Hello everyone, how's your week going?

Today, the first thing I want to tell you is that we now have soft traditional persimmons available, the ones that melt in your mouth. Make sure to place your order, because we will only be sending orders today and next Monday. Due to the Christmas holidays, we will do our best to ensure your orders arrive on time, despite the high traffic during these dates.

Now, with a slightly heavy heart, I want to tell you why the persimmon, that autumn aristocrat we care for so much, is becoming increasingly difficult to grow. It's no secret in the region. Every year there are fewer fields. This year I've also seen more fields being uprooted. And when you see the roots in the sun, you get a knot in your stomach.

The first blow comes in winter. Pruning a persimmon isn't just cutting a few twigs and going home. It's almost a surgery. You have to open up the tree, distribute light, remove misplaced wood, and prepare the branches that will bear the weight. It's specialized labor and many hours. A good pruner doesn't just cut, they sculpt. And that costs money.

Then come the year-round care. Between inspections, thinning fruit, tying branches, monitoring pests, and a thousand tender touches, the persimmon requires 8 or 10 easy interventions each season. I'm not talking about miracles; I'm talking about work. You walk the field again and again, take notes, and go back. If you're not on top of it, the persimmon goes wild.

And even so, it's a very delicate crop. Whiteflies, thrips, and mites are persistent. If humidity and rain come at the wrong times, problems appear that mark the skin. For the table, that's no longer useful. Many fruits are left on the tree or on the ground due to size or aesthetic defects, even if they are perfect inside. That's how it is. The persimmon is a diva.

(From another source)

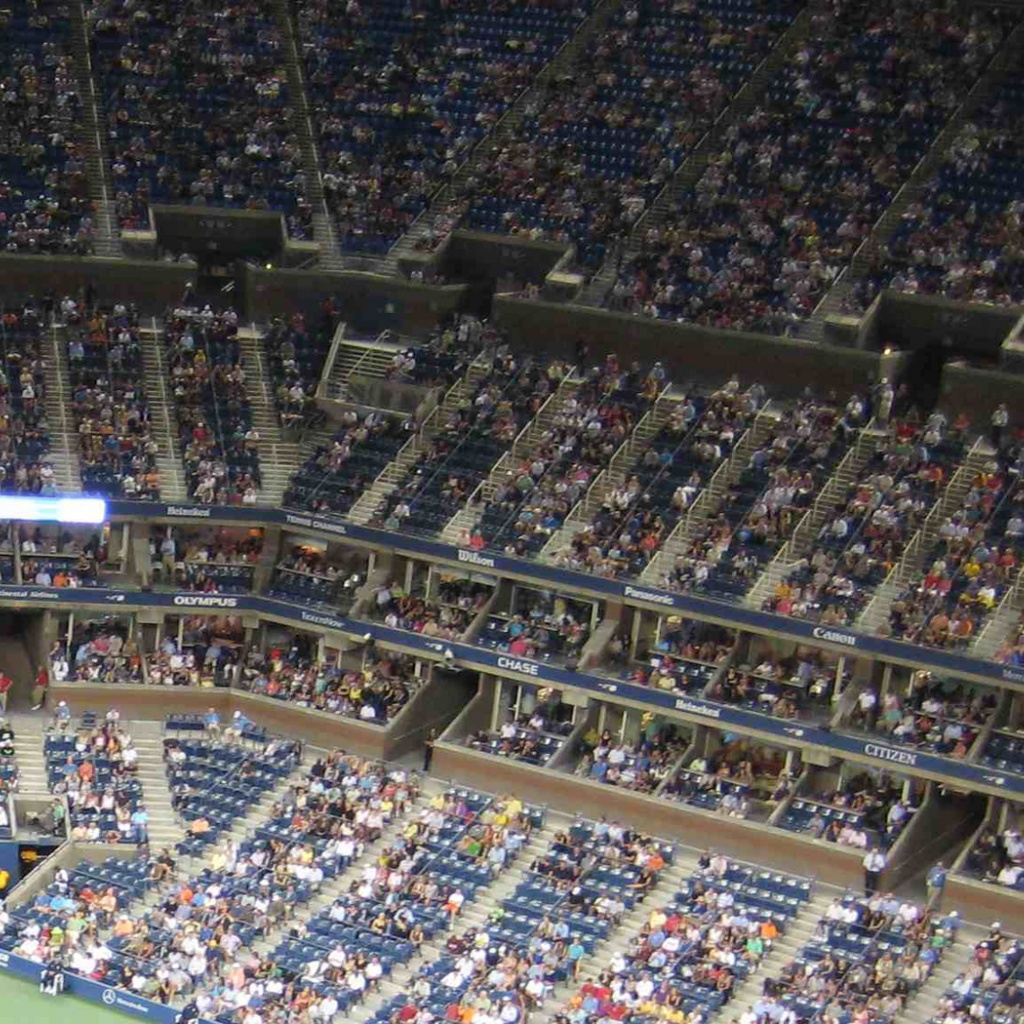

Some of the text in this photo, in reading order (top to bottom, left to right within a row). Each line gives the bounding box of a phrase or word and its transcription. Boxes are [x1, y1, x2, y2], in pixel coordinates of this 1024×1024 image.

It wants sun, shelter, and to have its hair untouched.

Add to this what you don't see. The water that never fails, the irrigation that must be maintained, the diesel for coming and going, the boxes, the cold energy when it's needed, the time for manual selection. And market prices that rise and fall like a Ferris wheel.

You invest all year and then depend on one silly week to make or break the numbers. That's why I say persimmons are now for very specialized farmers. Between the very costly pruning and the year-round care, profitability is at risk.

Understand this. The persimmon has a long cycle. You don't plant today and harvest tomorrow. You invest money and patience for years until the tree performs. If at that point the numbers don't add up, the decision to uproot is not a whim. It's painful, but real. Faced with this situation, quite a few hectares disappear every year. And the landscape changes. And with it, trades, knowledge, and bird nests that took refuge in those planting frames disappear.

What are we doing to resist? Playing to our strengths. Craftsmanship and brains. Every morning we check orders and only harvest what has been ordered. Truly harvest on demand.

That prevents losses, prevents fruit from waiting in cold storage and allows us to pay a fair price to the colleagues who grow with us throughout Spain. We select directly from the tree, load it, and your box leaves with freshly cut fruit. It's the only way we see to defend the persimmon without betraying who we are.

We also rely on age-old tasks. Thinning so branches don't break. Tying with rope to guide the shape and prevent the weight from bringing down the tree. Walking the field often to detect problems early. It seems simple, but it's the difference between succeeding or falling short. If the persimmon could talk, it would tell you that with one or two extra timely touches, a tremendous headache later on is avoided.

I know that sometimes someone looks at the price and thinks we've gone overboard. I wish you could see everything that goes into each piece that reaches your table. That persimmon may have passed through three hands before entering your box.

We may have removed two neighboring branches so that it could grow well. We may have protected it from the wind by tying it and chosen it from many. That care is noticeable when you eat it and keeps the trade alive.

If you'll allow me a wish. When you buy fruit, no matter where you buy it, think about who is on the other side. If you can, support direct purchase. And if it's with us, even better, of course, because that way we all help sustain these fields that resist disappearing and defend fair prices for those who work the land. Here we continue harvesting as our grandparents did. Without haste, without shortcuts, with respect for the tree and for your table.

Thank you for reading to the end and for being here. If you're curious about anything regarding persimmons, let me know. I love it when you write to me and ask me to explain things about farming. I try to make us learn together and with a smile. The day you see me talking to the persimmon, don't be alarmed. It's just that we're like family now.